El Gobierno nacional enfrenta un nuevo foco de incertidumbre en el Senado en la antesala del debate del Presupuesto 2026. El artículo 30 del proyecto, que propone eliminar y modificar distintos esquemas de financiamiento vinculados a educación, ciencia y defensa, despierta objeciones en sectores de la oposición dialoguista y amenaza con complicar la sanción de la ley de gastos.
La preocupación se concentra, especialmente, en un grupo de senadores de la Unión Cívica Radical que no estaría dispuesto a acompañar el recorte tal como llegó desde la Cámara de Diputados. Esta situación altera los cálculos del oficialismo, que necesita sostener el texto sin modificaciones para evitar que el proyecto vuelva a Diputados o directamente quede empantanado.
El Presupuesto, que inicialmente parecía transitar un camino legislativo menos conflictivo, se transformó en un problema político para la Casa Rosada luego de los traspiés en Diputados, donde el oficialismo no logró sostener algunos capítulos sensibles vinculados a discapacidad y universidades. Desde entonces, la iniciativa quedó expuesta a negociaciones más frágiles y a un margen de error reducido.
En este contexto, la jefa del bloque oficialista en el Senado, Patricia Bullrich, retomó contactos informales y reuniones virtuales para medir voluntades. La respuesta que recibió fue clara: los proyectos de Presupuesto 2026 y de inocencia fiscal deben aprobarse sin cambios. Sin embargo, el artículo 30 aparece como el principal punto de fricción.

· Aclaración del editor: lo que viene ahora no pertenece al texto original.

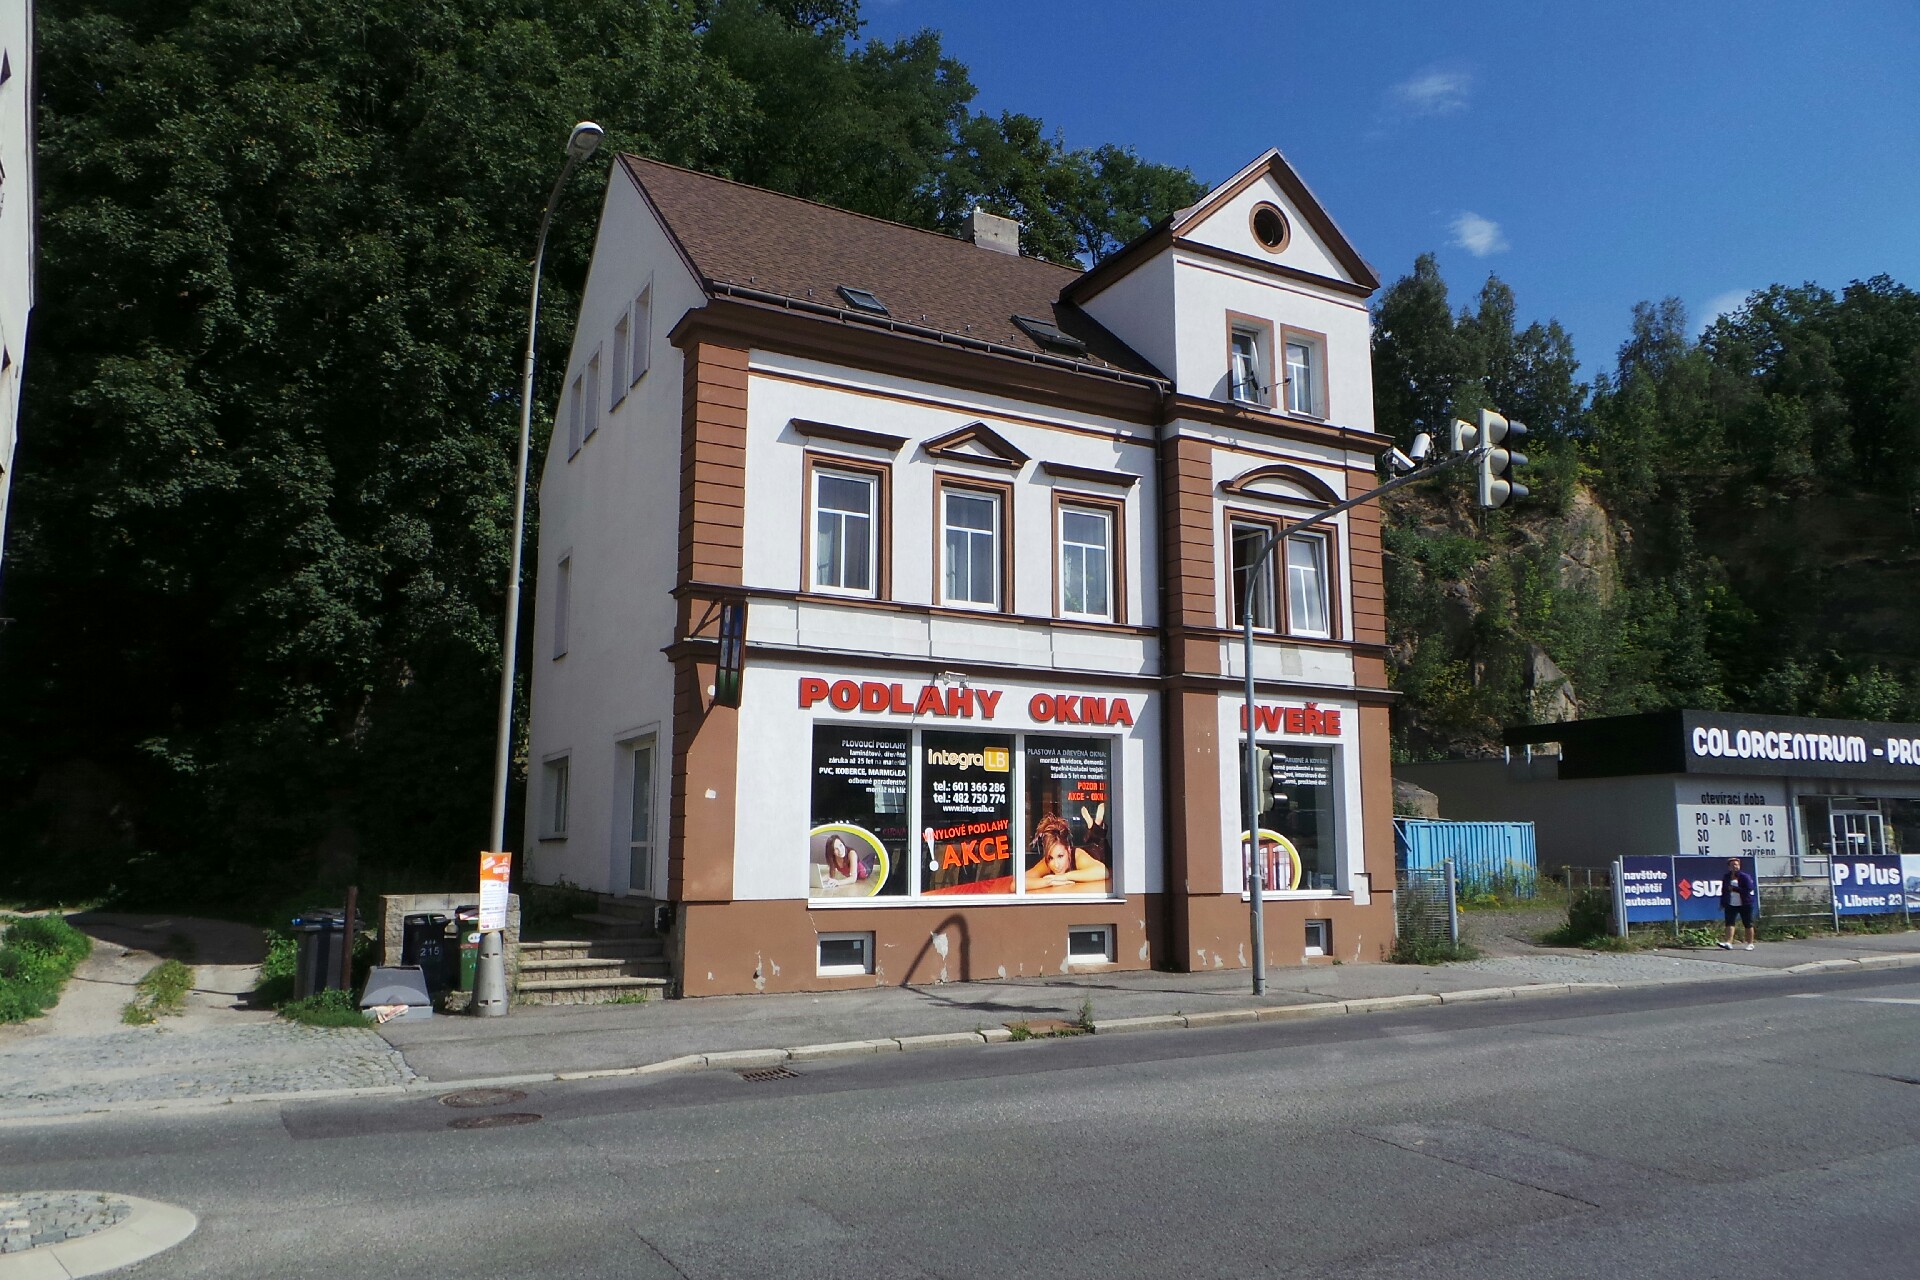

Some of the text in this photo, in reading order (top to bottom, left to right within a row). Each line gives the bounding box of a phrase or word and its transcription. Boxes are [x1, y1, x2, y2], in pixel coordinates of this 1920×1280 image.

El texto en cuestión propone derogar normas que fijan pisos mínimos de inversión estatal, entre ellas el compromiso de destinar al menos el 6% del PBI a educación, además de disposiciones sobre financiamiento del sistema científico-tecnológico, la educación técnico profesional y el Fondo Nacional de la Defensa (FONDEF). Para el Gobierno, se trata de eliminar rigideces presupuestarias y recuperar margen de decisión fiscal; para sus críticos, implica un retroceso en áreas consideradas estratégicas.
Entre los senadores radicales señalados como potenciales disidentes se mencionan Maximiliano Abad, ex dirigente de la Federación Universitaria Argentina, y Flavio Fama, ex rector de la Universidad Nacional de Catamarca, perfiles con fuerte vinculación al sistema educativo. Sus antecedentes refuerzan las dudas sobre el respaldo pleno del radicalismo al artículo cuestionado.
Desde el punto de vista numérico, el oficialismo estima contar con unos 44 votos, sumando a La Libertad Avanza, parte de la UCR, el PRO y bloques provinciales. No obstante, el margen es estrecho y cualquier baja puede resultar determinante en una votación en particular.
El kirchnerismo ya detectó esa debilidad y se mueve para explotarla. Con Jorge Capitanich como posible voz principal del rechazo en el recinto, la bancada opositora busca instalar el costo político del recorte educativo y presionar para que el artículo sea rechazado. Si eso ocurre, el Gobierno quedaría ante la disyuntiva de retirar el proyecto o avanzar hacia una nueva prórroga del Presupuesto vigente.
Mientras continúan las gestiones desde Balcarce 50 para sostener apoyos, el escenario sigue abierto. La discusión alrededor del artículo 30 expone, una vez más, las dificultades del Ejecutivo para avanzar en una agenda de ajuste y orden fiscal en un Congreso fragmentado, donde incluso los aliados condicionan su respaldo a decisiones políticamente sensibles.